By the time Delilah produced her video she was going quite far — and she was right. We should dare to confront the public with our fertility and not be ashamed of it, hiding it away under huge tents. For me, birth is the last taboo in our western societies. We can see death in all its varieties every day and night on TV, but birth? Which of you has ever attended one? We give birth, but it is hidden away from our eyes. I act as a doula (a woman that accompanies a woman giving birth and I`m not the midwife) and again and again, with tears in my eyes, I`m overwhelmed by the existential beauty and force of a birth. In the times of the harem, birth was never a lonely act, but rather a social act. We have become or have made ourselves poor by isolating ourselves. A video like Delilah`s should be shown to groups of pregnant women, and should give them the feeling of pride and of joy. They should join her in her cheerful dance (the last on the video), clapping their hands, shouting, singing the sanscrit and dancing themselves as would have been the case in ancient times, and still is in the Arabic countries even today.

With Delilah`s vision in mind, I’d like to see pregnant women go to classes like the one I have introduced and learn for themselves how to become an autonomous woman in order to create an autonomous birth. Belly dancing is a wonderful means to this end, because throughout the world, women who are allowed to move freely during childbirth instinctively start moving their pelvis in hip circles. They dance the ancient movements of fertility like the hip circle, the hip-rocking or the hip-eight, to which I give emotional names like the full moon, the crescent moon (or cradle) and the sign of infinity (with the pregnant woman standing in the infinite line of life). These emotional pictures show women their way to their feminine roots. Belly dancing helps a woman in many ways:

  1. To accept her growing womb (not every woman looks forward to this) and even to celebrate it;
  2. To strengthen the muscles of the pelvis, the legs and the whole body and to prepare her in the best way for a childbirth in an upright position;
  3. To release tension (through shoulder movements) that results from the weight of growing breasts and to get extra space (through chest movements) if the baby is in a high position. (Chest movements are also useful against heartburn.);
  4. To contact the baby by soothing it through continuous hip circles, resulting in a kind of massage through the waters;
  5. To stimulate the uterus under childbirth when necessary by doing what I call the birth movements.
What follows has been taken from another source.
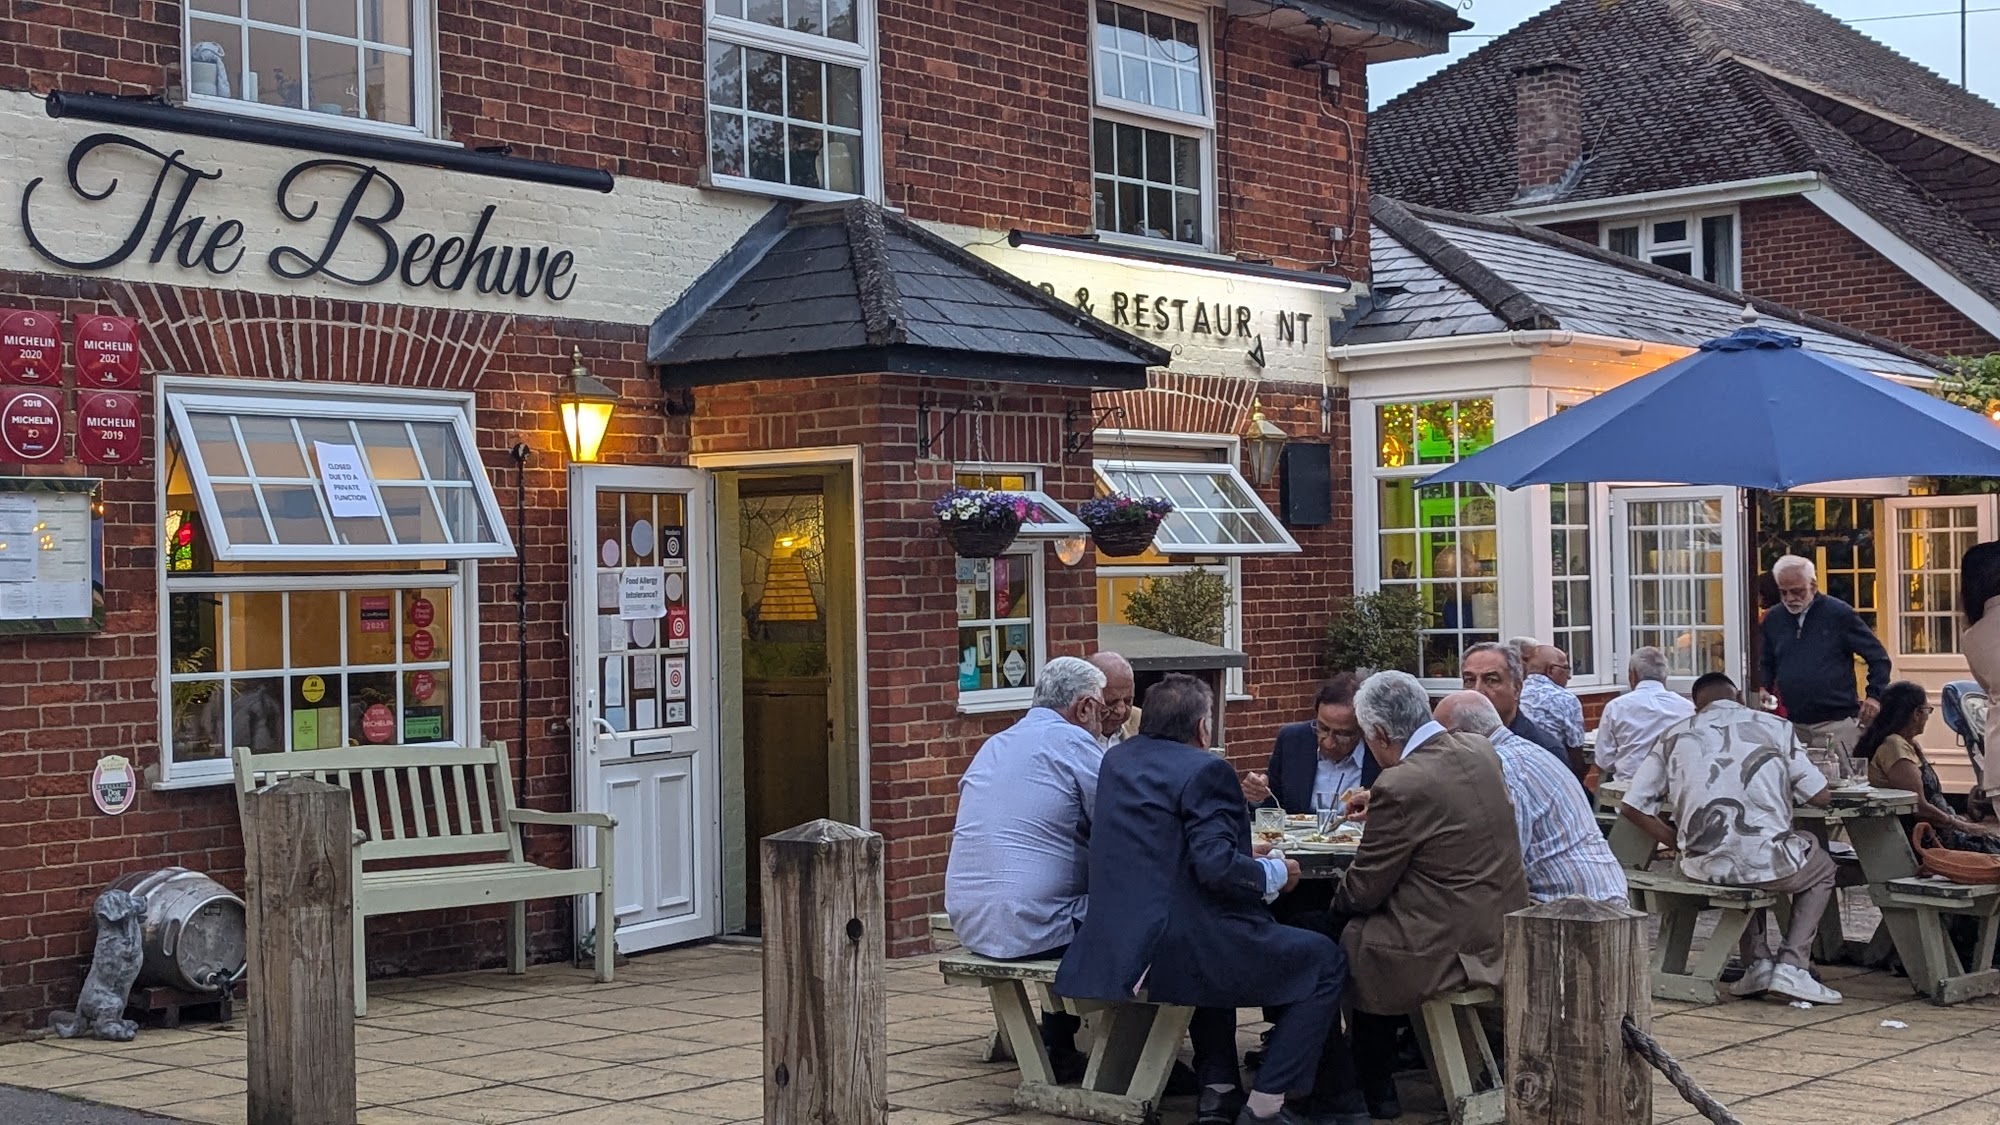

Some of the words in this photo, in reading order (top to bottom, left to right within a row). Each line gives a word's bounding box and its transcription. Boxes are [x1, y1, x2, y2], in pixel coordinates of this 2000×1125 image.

These are the vertical movements of the pelvis which excite the pelvis, contrary to the horizontal ones which relax it.

The ummy is one of these stimulating movements and should never be danced, just instructed and kept in mind to be recalled during childbirth. During the births I have assisted, I was very much impressed by the power of these birth movements — they definitely work and accelerate labour which is too slow or weak. But, remember: Here, I don`t speak of pregnant women who have been belly dancing for years or even professional dancers; their bodies are accustomed to the movements and don`t react so heavily. Most of the professional dancers have danced till the last moment without any trouble. For them, Delilah`s video is one they will particularly appreciate during their pregnancy because she lives and dances the vision we all have in us. The “normal” pregnant woman with no belly dancing experience can admire Delilah`s dances as a piece of art and then learn from my video how to move without doing any damage to her health and to the baby; on the contrary: she will enjoy the benefits of belly dancing and - with close contact to her baby — arrive at a new and cheering sensuality.